A aprovação das Unidades de Gestão Florestal, onde os proprietários se associariam para procederem à gestão colaborativa dos seus terrenos, constituiu uma das medidas potenciadoras de boas práticas, nomeadamente a “limpeza” de terrenos, bem como a adoção de faixas de proteção que contribuiriam para a prevenção dos incêndios.

Mas o processo de implementação dos diplomas legais está longe de ser uma realidade. O zelo do governo tem-se centrado na cobrança de multas a populações idosas e isoladas do interior que, sozinhas, não têm recursos para limpar os terrenos à volta das suas casas!

Em março deste ano, a associação ambientalista ZERO alertava para o facto de a grande parcela dos investimentos estatais serem direcionados para a região do Alentejo, onde o latifúndio com agricultura e pecuária são dominantes, com 65% do investimento contratualizado com proprietários.
Por sua vez, o apoio à implementação das UGFs direcionado para as regiões centro e norte ficar-se-ia pelos 500 mil euros, sendo que apenas 128 mil euros, isto é, 25% do valor, terão sido utilizados.

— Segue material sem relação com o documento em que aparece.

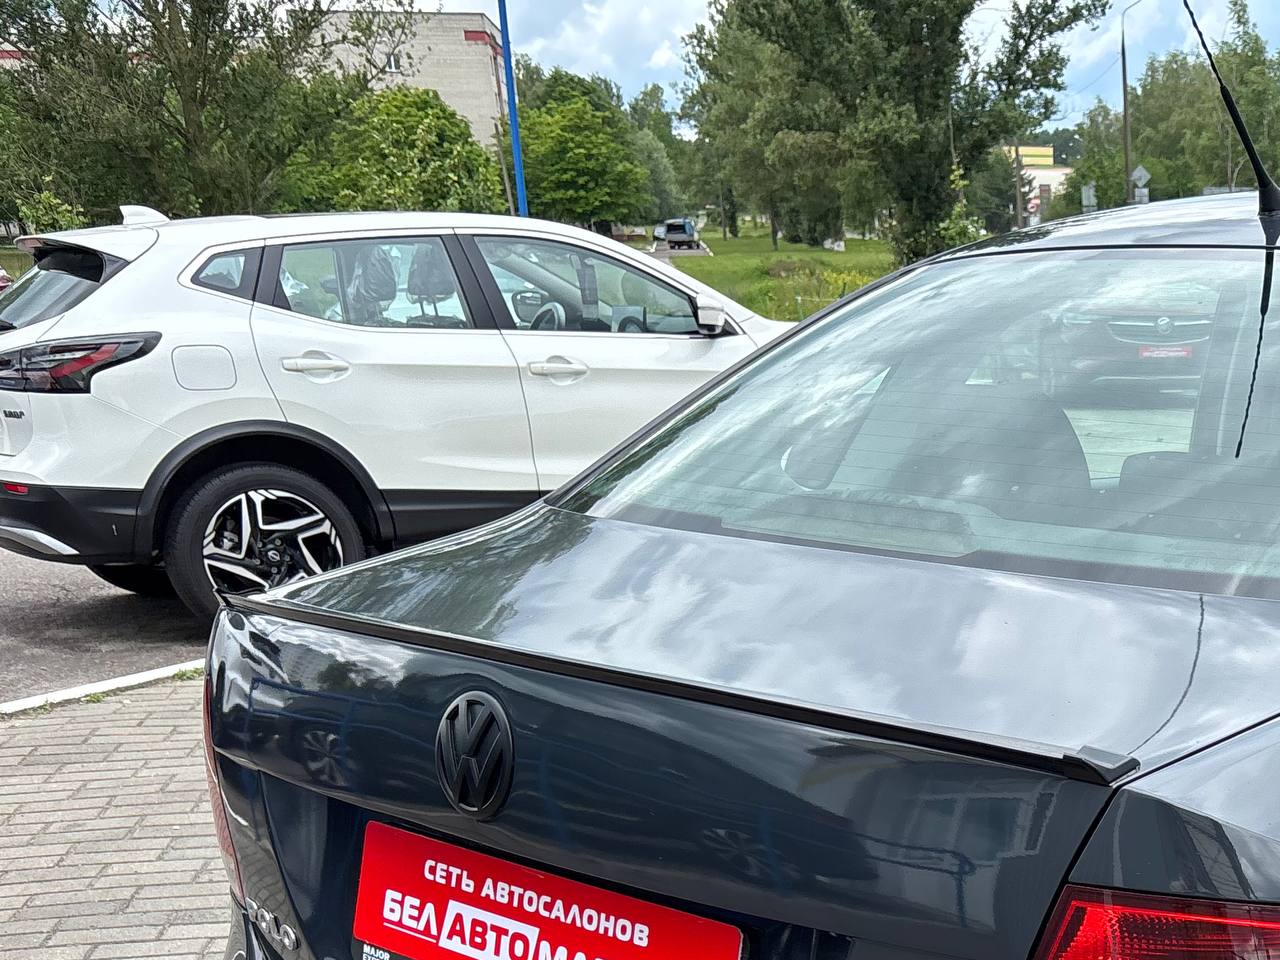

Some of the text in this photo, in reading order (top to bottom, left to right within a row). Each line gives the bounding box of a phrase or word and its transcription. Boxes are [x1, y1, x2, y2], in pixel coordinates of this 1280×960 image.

O facto de o apoio à integração nas UGFs se situar apenas nos cinco euros por hectare terá contribuído para a fraca adesão concursal a este modelo colaborativo, o que evidencia, no mínimo, alheamento face aos problemas do minifúndio e às dificuldades por que passam os pequenos proprietários com parcos recursos.

Enquanto prevalecer a lógica de mercado na gestão da floresta que privilegia grandes manchas florestais de eucalipto, em detrimento de uma clara aposta no financiamento a projetos de gestão conjunta e na promoção de espécies autóctones, o interior do país continuará a ser consumido pelo fogo!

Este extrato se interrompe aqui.